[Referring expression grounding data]
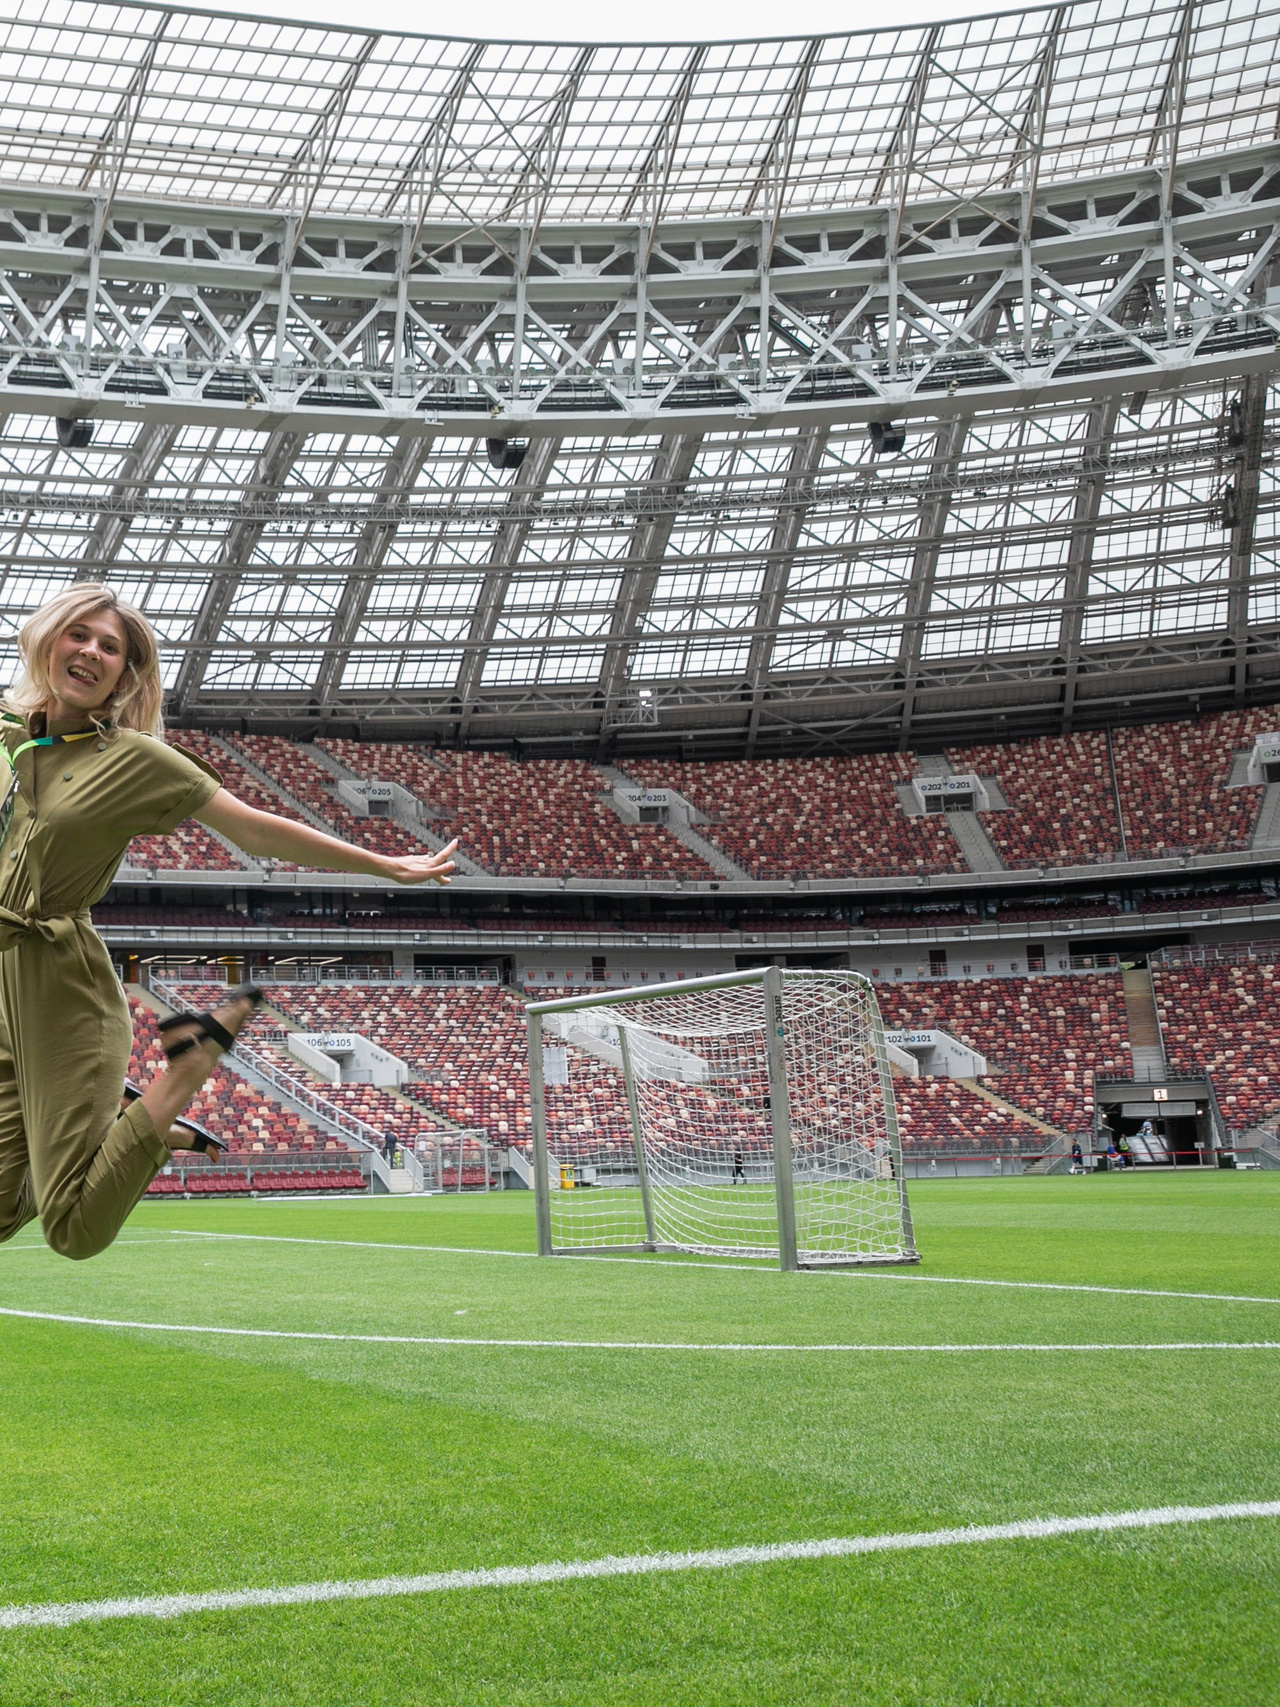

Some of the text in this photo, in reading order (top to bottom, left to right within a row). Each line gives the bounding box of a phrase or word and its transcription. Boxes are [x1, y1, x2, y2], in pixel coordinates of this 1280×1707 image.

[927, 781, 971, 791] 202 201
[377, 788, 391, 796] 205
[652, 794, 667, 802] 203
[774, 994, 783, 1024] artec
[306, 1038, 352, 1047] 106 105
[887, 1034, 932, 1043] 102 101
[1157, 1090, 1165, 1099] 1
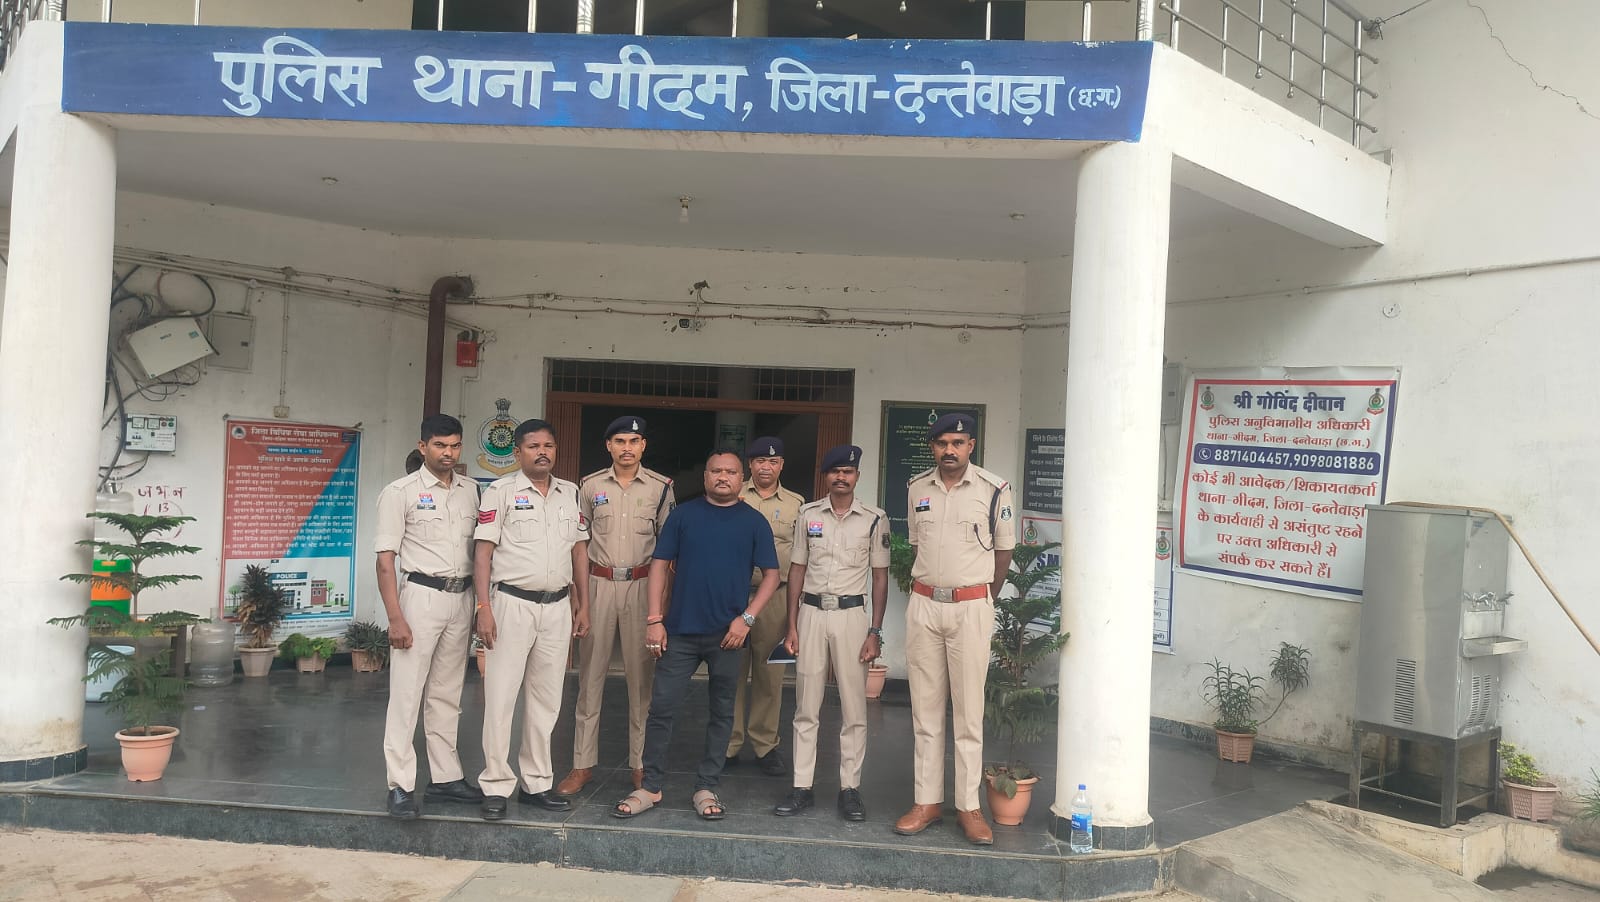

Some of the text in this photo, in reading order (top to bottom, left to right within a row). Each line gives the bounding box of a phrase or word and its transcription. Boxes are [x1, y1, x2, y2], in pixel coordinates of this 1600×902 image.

§ **What is expected**:
With the pictures omitted, the entries are to be transcribed in full, exactly as they appear.

§ **Expected answer**:
Some of the text in this photo, in reading order (top to bottom, left to right within a row). Each line gives the bounding box of a phrase or word and its transcription. Boxes are [x1, y1, x2, y2], in pixel coordinates of this 1280×1707 image.

[927, 781, 971, 791] 202 201
[377, 788, 391, 796] 205
[652, 794, 667, 802] 203
[774, 994, 783, 1024] artec
[306, 1038, 352, 1047] 106 105
[887, 1034, 932, 1043] 102 101
[1157, 1090, 1165, 1099] 1

Some of the text in this photo, in reading order (top to bottom, left to right within a row). Each line gives the bounding box of a phrase or word and its transcription. Boxes are [x1, y1, x2, y2], in pixel coordinates of this 1600×902 image.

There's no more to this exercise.